In other words, the election was valid, even if it wasn't what the New York Times wanted. In other words, from the original story, "Russian hackers and propagandists" FAILED "to tip the election toward Donald J. Trump". Even IF there was some kind of collusion, there was no impact from it.

Speaking of the New York Times:

Forbes:
Nothing to see here.

That's the baffling conclusion the editorial board of the New York Times reached after reading a University of Washington (UW) report that was critical of Seattle's major minimum wage increase.

Here's what the Times wrote this morning, in an editorial titled "Seattle Shows The Way To Higher Pay":
"...[It] seems safe to conclude that Seattle has tolerated its minimum wage increase well and that, by extension, other strong economies could do so."
To understand just how bizarre this conclusion is, contrast the board's rosy editorial with the conclusions of the UW authors. You don't have to dig to find them: They're in a summary on the first page of the empirical report, and in a two-page white paper that accompanies it.
  • Hours worked by affected employees fell by around nine percent
  • Affected employees' net earnings fell by $125 a month on average


It must be nice to live in New York Times World. Sadly, it isn't on this planet, or anywhere in this reality.

In other news...

The Intercept:
JUST AS THE HOUSE Republican bill to slash much of the Affordable Care Act moved forward, Rep. Mike Conaway, a Texas Republican and member of Speaker Paul Ryan’s leadership team, added a health insurance company to his portfolio.
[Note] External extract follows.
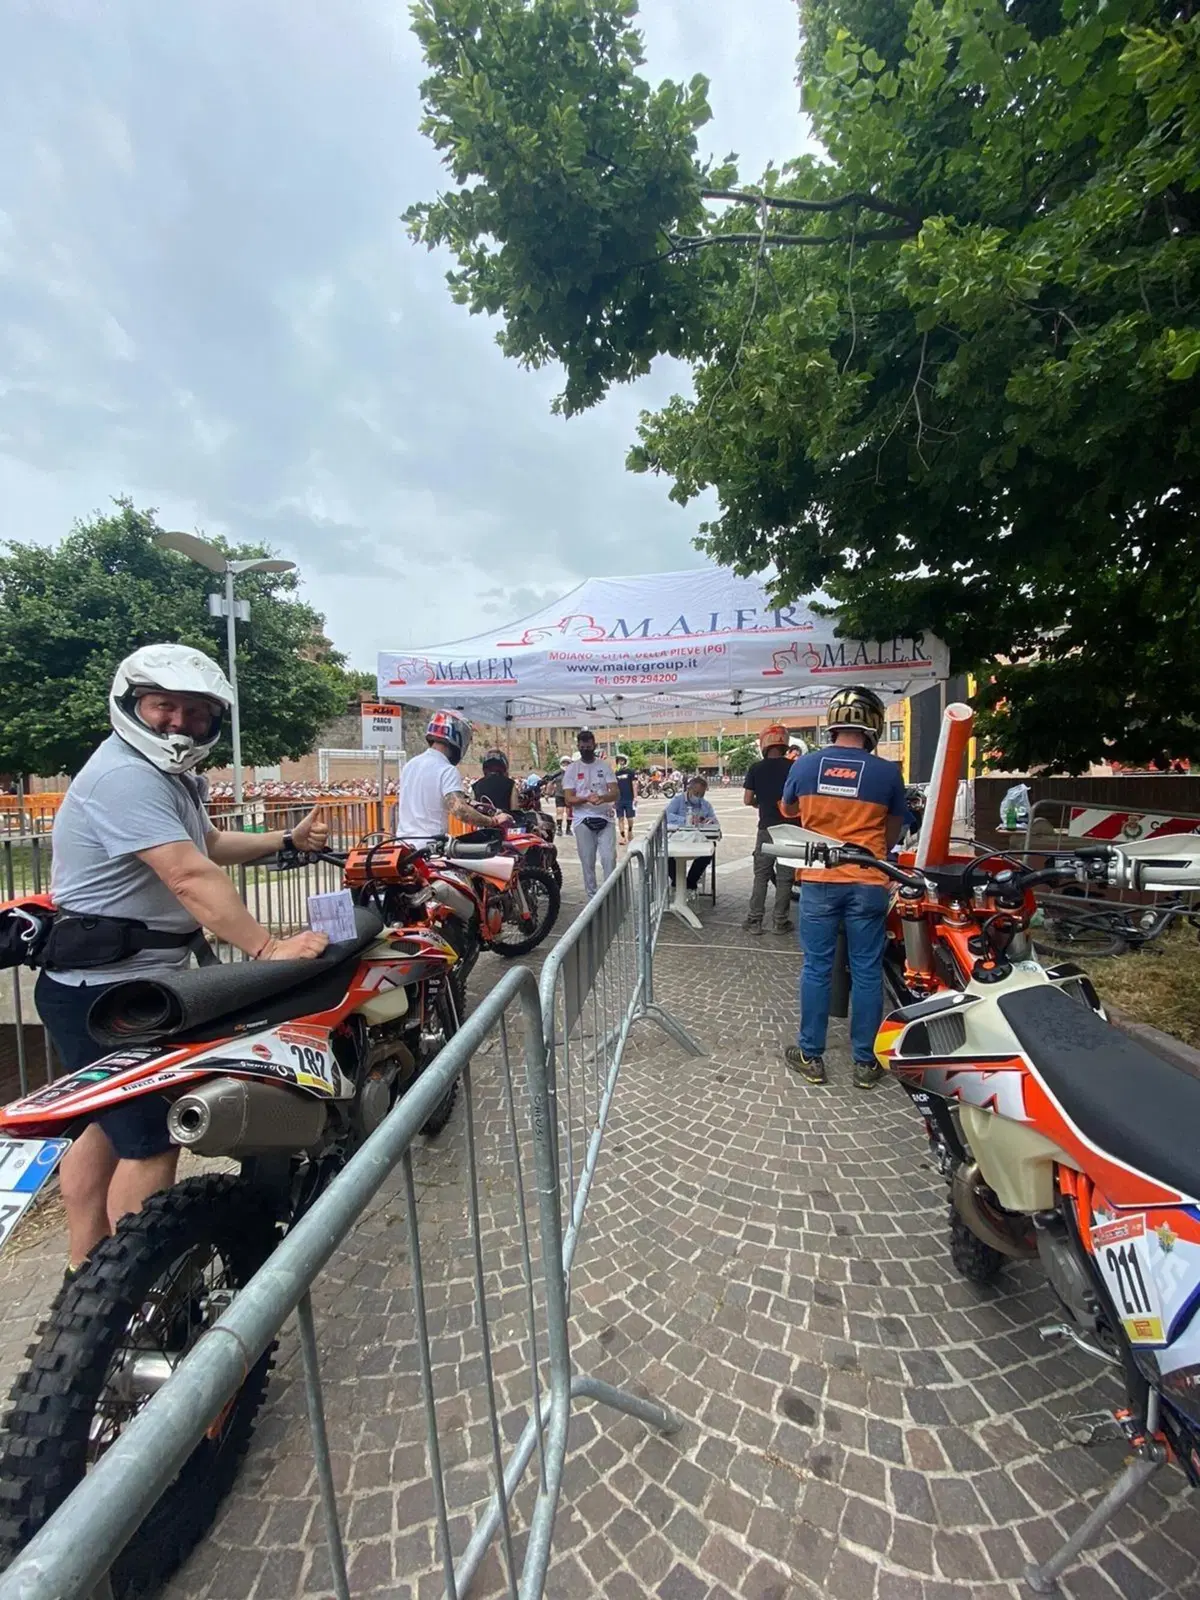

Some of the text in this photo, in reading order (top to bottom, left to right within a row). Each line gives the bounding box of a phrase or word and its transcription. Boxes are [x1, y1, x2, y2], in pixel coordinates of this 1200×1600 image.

An account owned by Conaway’s wife made two purchases of UnitedHealth stock, worth as much as $30,000, on March 24th, the day the legislation advanced in the House Rules Committee, according to disclosures. The exact value of Conaway’s investment isn’t clear, given that congressional ethics forms only show a range of amounts, and Conaway’s office did not respond to a request for comment. 
The article goes on to list several more examples of insider trading by politicians. For example:
He wasn’t the only one. As the health care system overhaul advanced last month on the other side of Capitol Hill, Republican Sen. James Inhofe of Oklahoma purchased between $50,000 to $100,000 in UnitedHealth stock.

“Sen. Inhofe has a financial [adviser] who makes transactions on his behalf and these transactions are disclosed as required by the STOCK Act,” Nicole Hage, Inhofe’s spokesperson, told The Intercept. “The transaction you reference was routine and made without the Senator’s prior knowledge or consultation.”
"Consultation" is the key word there. If the senator was to tell someone about their health insurance efforts, who then told his financial adviser, then technically Inhofe didn't "consult" with the adviser. It is funny how information gets from one place to another.